101: Founding a department

Creating departments out of nothing is necessary as companies grow and develop. Some managers welcome these experiences to start from scratch and see them as potential opportunities for recognition and promotion. Others shy away from such assignments due to risks involved: What if the department doesn’t meet performance expectations?

Here are tips in building anew:

Analyze the company’s path, says Angie Ross at business blog Centrinity. A department needs to be founded on an understanding of where the company is going. “In the beginning, you may have just wanted to stay afloat, but taking that next step requires you to set a course,” she writes. Ross says it’s important to know where the company is now, as well as the end goal, to check for alignment with the company’s mission and vision. “You’ll develop a better understanding of all the requirements that need to be addressed,” says Ross. Outsiders’ perspective is part of this picture, gained through client feedback, employee input, and the company’s online reputation.
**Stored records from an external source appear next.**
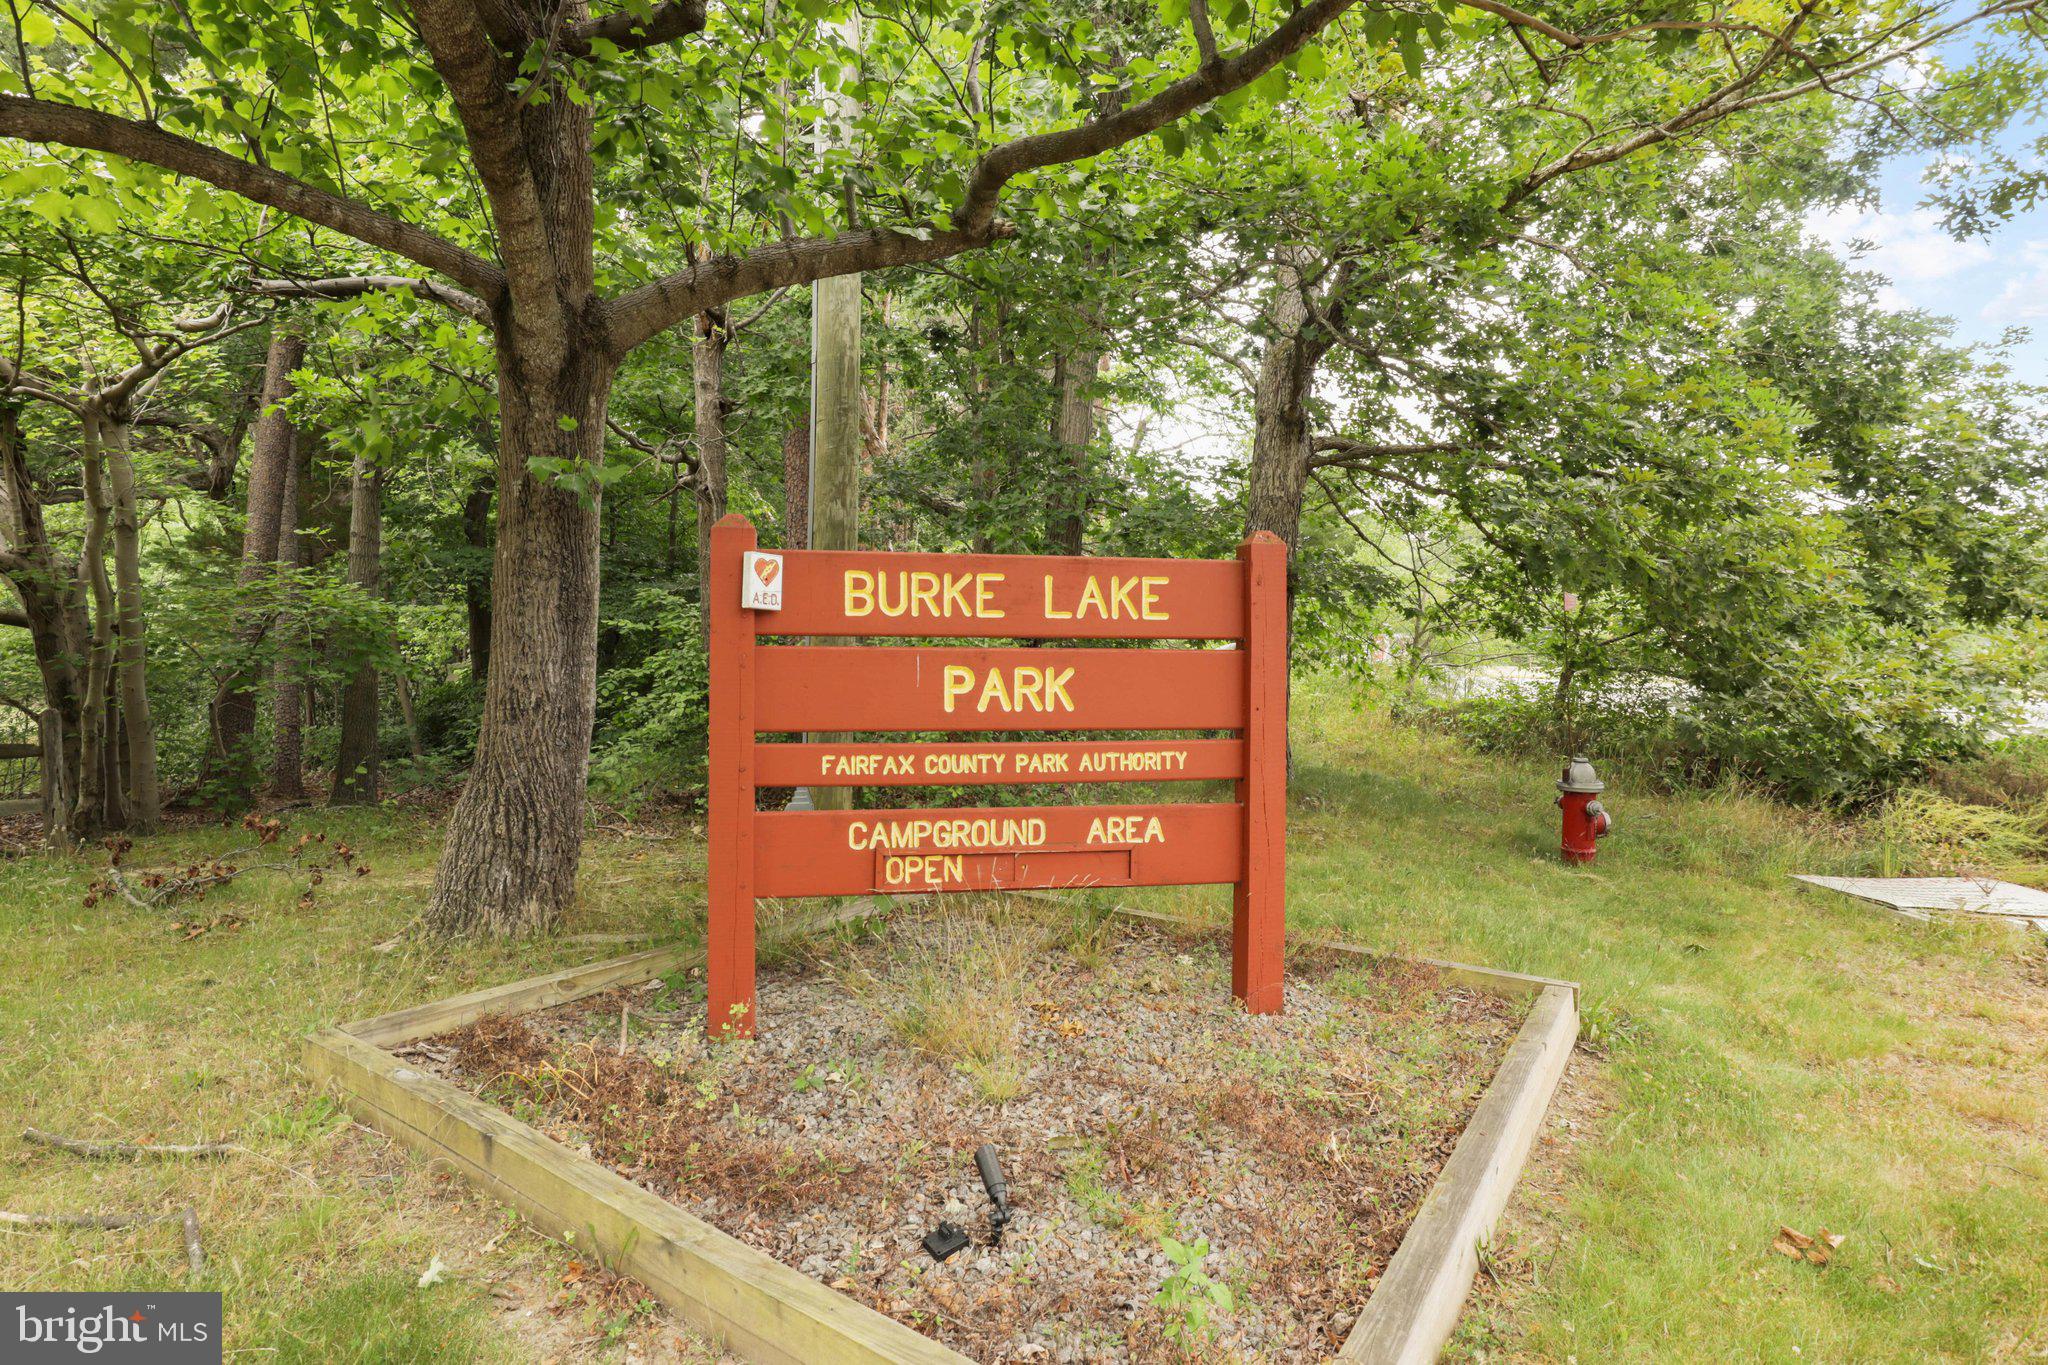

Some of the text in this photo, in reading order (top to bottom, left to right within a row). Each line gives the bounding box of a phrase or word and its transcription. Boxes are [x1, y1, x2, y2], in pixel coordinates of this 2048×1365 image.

[843, 568, 1170, 621] BURKE LAKE
[943, 664, 1076, 713] PARK
[821, 750, 1188, 776] FAIRFAX COUNTY PARK AUTHORITY
[848, 815, 1166, 851] CAMPGROUND AREA
[885, 854, 964, 885] OPEN
Like a startup, departments need a brand. They need an identity, and they need to deliver value – in this case, value to other departments, says Mary Shacklett in TechRepublic. “Value is created when you continuously demonstrate that you can eliminate pain points and move the company forward,” says Shacklett. “At the beginning of the process, promoting the new department – as well as developing it – will be primary functions. If you can recruit strong performers and build a cohesive team, the job will be that much easier.”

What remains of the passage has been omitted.